But eventually we came back to our crazy senses and wanted to press on with building up the family roster. Unfortunately, the baby making assembly line took on the characteristics of Willy Wonka’s factory before he decides to give out the Golden Tickets.
NUMBER OF PREGNANCIES _5_
NUMBER OF BIRTHS _2_
For two long, extremely frustrating years I checked almost monthly for those two little lines to appear on home tests, convincing myself I was pregnant every time my period was due. I went on a full scale mission to conceive and experimented with anything faceless women on the Internet had successfully tried. I did everything short of cloning my two existing children and IVF, and every month I sobbed in the bathroom, cursing my period and non-responsive body.
When the only thing you wish for so fervently is to have a baby, whether it’s your first or tenth, it takes on a life of its own. My personality started to have a striking resemblance to Sigourney Weaver’s Zuul in Ghostbusters.
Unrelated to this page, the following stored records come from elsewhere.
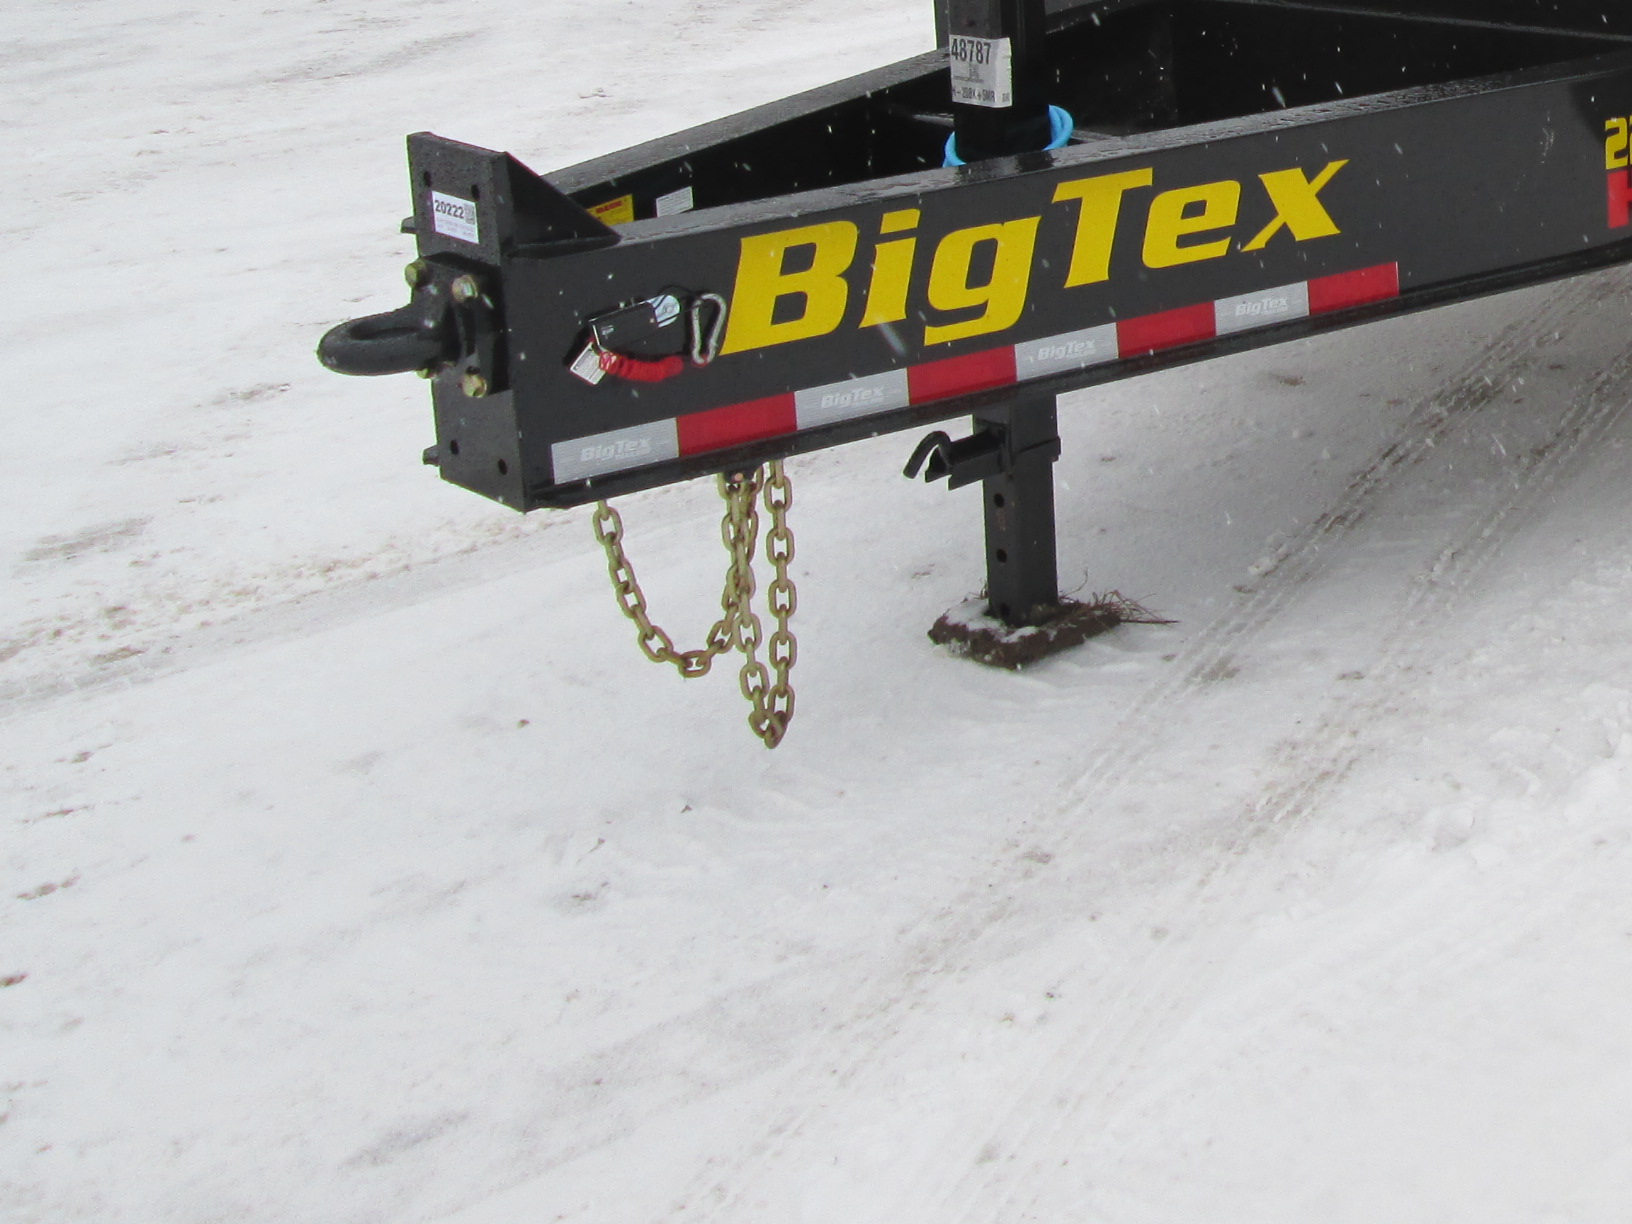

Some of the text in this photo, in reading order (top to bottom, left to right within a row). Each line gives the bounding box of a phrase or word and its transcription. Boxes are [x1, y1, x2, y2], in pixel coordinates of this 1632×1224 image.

[951, 38, 991, 65] 48787
[434, 199, 465, 219] 20222
[720, 159, 1349, 355] BigTex
[1235, 297, 1289, 318] BigTex
[1037, 339, 1097, 362] BigTex
[820, 385, 885, 410] BigTex
[579, 437, 653, 463] BigTex
Month by month my failure to get pregnant would fester and grow into a consuming vehement resentment of all things baby. I was enraged when two of my sisters accidentally looked at sperm, got pregnant, and gave birth to healthy babies I couldn’t even bring myself to look at, let alone hold. I would have to leave church during baptisms, and frankly even baby Jesus at Christmas-time would bring me to tears. I felt like my TV became a breeding ground for nonstop baby advertisements, and someone was cuing pregnant women to constantly roam the streets like zombies out to torture me.
With every morsel of me I felt our family was still a work in progress. It was like I took a giant breath and I couldn’t exhale until I was pregnant again. My elusive, intangible baby was out there calling to me and I wouldn’t give up on it.
NUMBER OF PREGNANCIES _5_
NUMBER OF BIRTHS _2_
The doctor walked into the room staring at my chart. She briefly looked up and absently extended her hand to greet me.
“Wow,” she said. “It seems like you’ve had a bit of some bad luck.”
I never know how to appropriately respond to that, so I usually don’t. I just let it hang there, hoping my new doctor would take the nonverbal cue to bestow on me a ground-breaking theory of how to fix me resolutely.
My new OB put me on Clomid so we could increase the chances of actually conceiving, and I magically became pregnant the first month. We were beyond ecstatic and immediately felt the agony of the past two barren years wash away. This was my time to be the annoying pregnant lady.
We saw the heartbeat at eight weeks, and I’d like to say I just rode into the sunset of my blissful, worry-free pregnancy, but I didn’t. The heart rate wasn’t very strong, but the doctor and my back-up entourage of thousands of fertility-challenged women on the Internet assured me I could still go on to have a healthy baby. Sometimes heart rates are low at first, but I couldn’t shake the bad feeling.
The day after the dooming heart rate ultrasound we were headed on a family vacation out-of-state, and I couldn’t logistically insist on daily ultrasounds to quell my fears. I just didn’t feel right, though. Sure, I could convince myself my boobs hurt, I was tired, and I needed to pee all the time. I was a pro at psychosomatic symptoms by now, but deep down I knew this baby wasn’t taking hold.
When I got back from the trip I immediately scheduled another ultrasound to hopefully quiet my anxiety, but it was our worst nightmare. We were back to square one because we no longer had a heartbeat.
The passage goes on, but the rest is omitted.